→ Assigned task
Transcription task. Write out each entry verbatim and exclude any image.

*** Opening Extracted entries ***

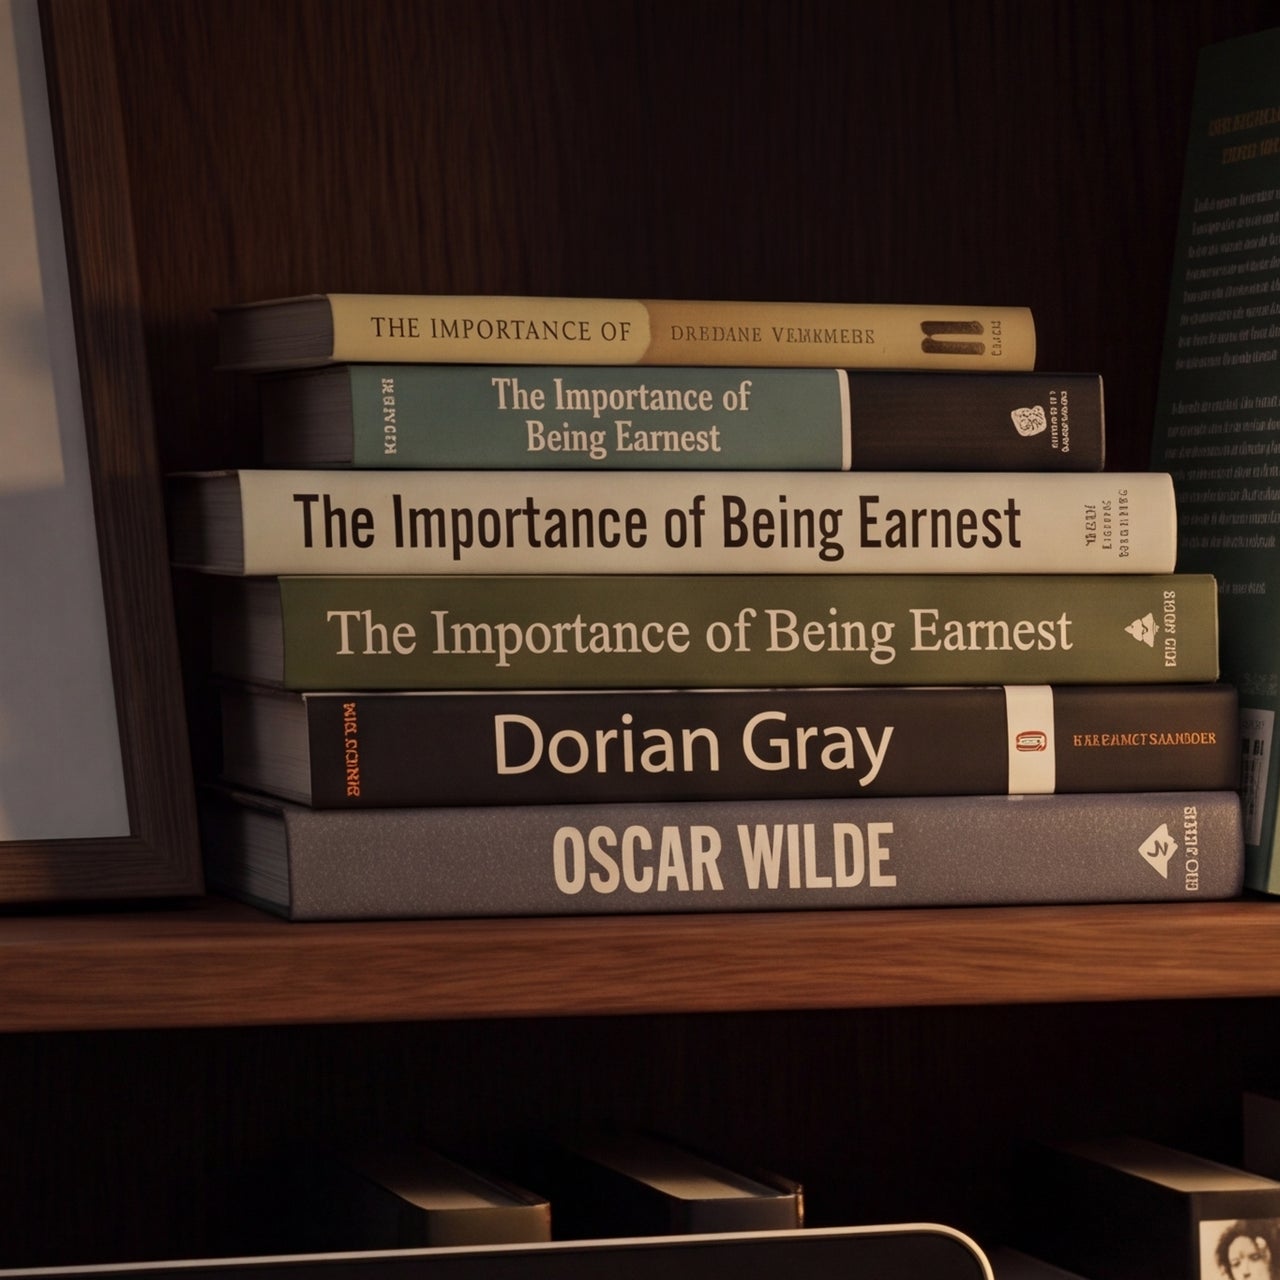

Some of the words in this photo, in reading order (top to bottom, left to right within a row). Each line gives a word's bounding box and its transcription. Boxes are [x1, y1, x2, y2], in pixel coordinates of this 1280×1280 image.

[371, 317, 420, 338] THE
[431, 318, 591, 341] IMPORTANCE
[601, 322, 631, 341] OF
[492, 378, 545, 411] The
[553, 378, 713, 417] Importance
[723, 381, 752, 410] of
[527, 420, 606, 460] Being
[615, 421, 721, 452] Earnest
[293, 494, 374, 548] The
[393, 494, 648, 560] Importance
[665, 495, 705, 548] of
[723, 495, 843, 561] Being
[860, 495, 1021, 548] Earnest
[327, 609, 416, 657] The
[432, 609, 694, 668] Importance
[705, 608, 751, 655] of
[765, 608, 896, 664] Being
[909, 608, 1073, 651] Earnest
[494, 714, 720, 775] Dorian
[741, 711, 895, 787] Gray
[552, 825, 722, 895] OSCAR
[737, 822, 896, 891] WILDE
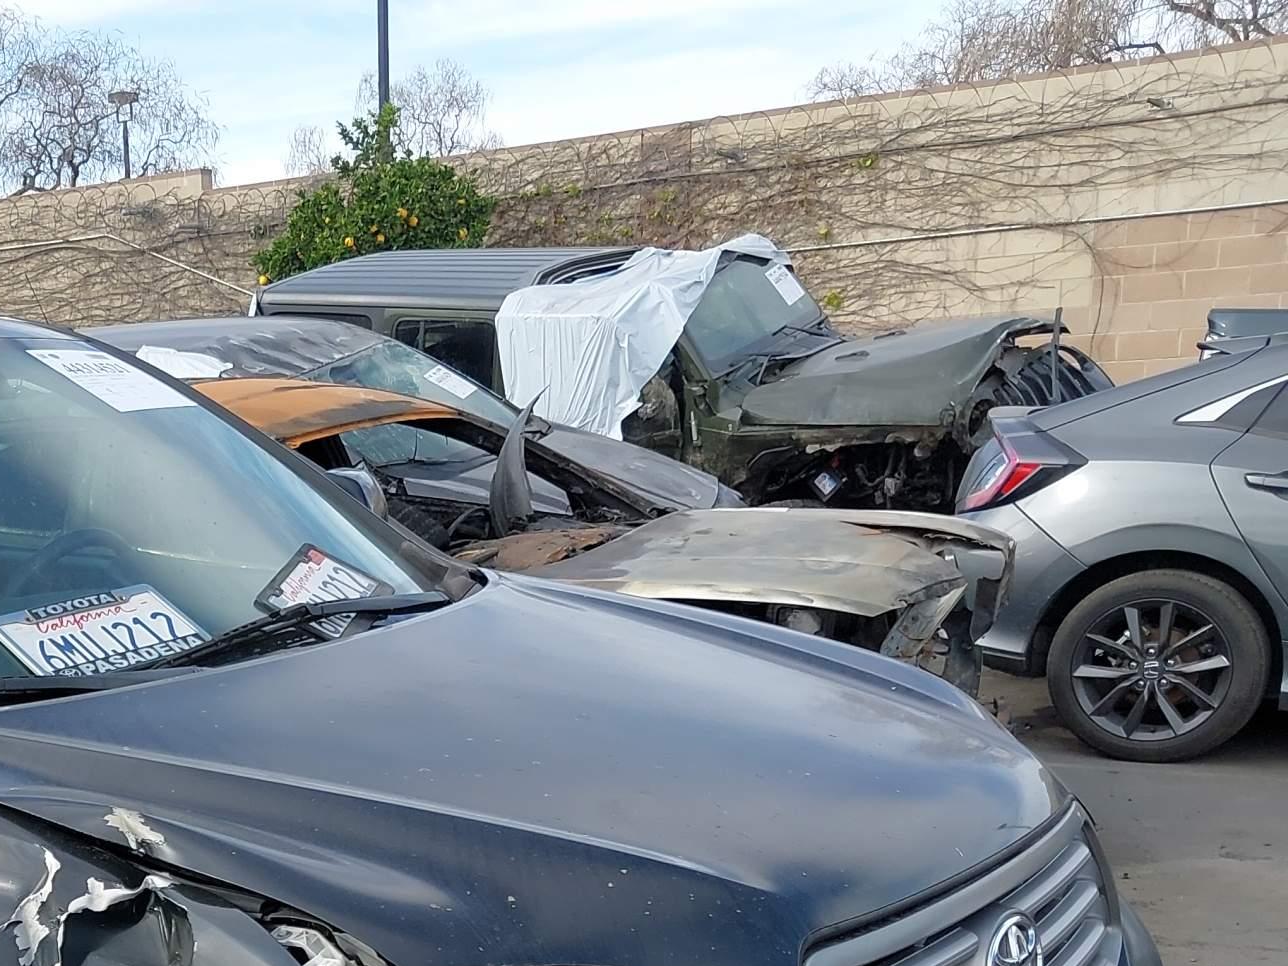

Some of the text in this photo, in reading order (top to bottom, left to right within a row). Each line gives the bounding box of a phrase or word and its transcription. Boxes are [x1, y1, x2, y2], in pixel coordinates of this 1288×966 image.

[61, 362, 133, 375] 44314521
[284, 564, 322, 602] California
[32, 593, 116, 620] TOYOTA
[36, 605, 137, 634] California
[81, 634, 205, 676] PASADENA

*** Closing Extracted entries ***

→ Output for this task
Some of the words in this photo, in reading order (top to bottom, left to right within a row). Each line gives a word's bounding box and its transcription. Boxes are [x1, y1, x2, y2], in pixel coordinates of this 1280×1280 image.

[371, 317, 420, 338] THE
[431, 318, 591, 341] IMPORTANCE
[601, 322, 631, 341] OF
[492, 378, 545, 411] The
[553, 378, 713, 417] Importance
[723, 381, 752, 410] of
[527, 420, 606, 460] Being
[615, 421, 721, 452] Earnest
[293, 494, 374, 548] The
[393, 494, 648, 560] Importance
[665, 495, 705, 548] of
[723, 495, 843, 561] Being
[860, 495, 1021, 548] Earnest
[327, 609, 416, 657] The
[432, 609, 694, 668] Importance
[705, 608, 751, 655] of
[765, 608, 896, 664] Being
[909, 608, 1073, 651] Earnest
[494, 714, 720, 775] Dorian
[741, 711, 895, 787] Gray
[552, 825, 722, 895] OSCAR
[737, 822, 896, 891] WILDE

Some of the text in this photo, in reading order (top to bottom, left to right within a row). Each line gives the bounding box of a phrase or word and its transcription. Boxes are [x1, y1, x2, y2], in pixel coordinates of this 1288×966 image.

[61, 362, 133, 375] 44314521
[284, 564, 322, 602] California
[32, 593, 116, 620] TOYOTA
[36, 605, 137, 634] California
[81, 634, 205, 676] PASADENA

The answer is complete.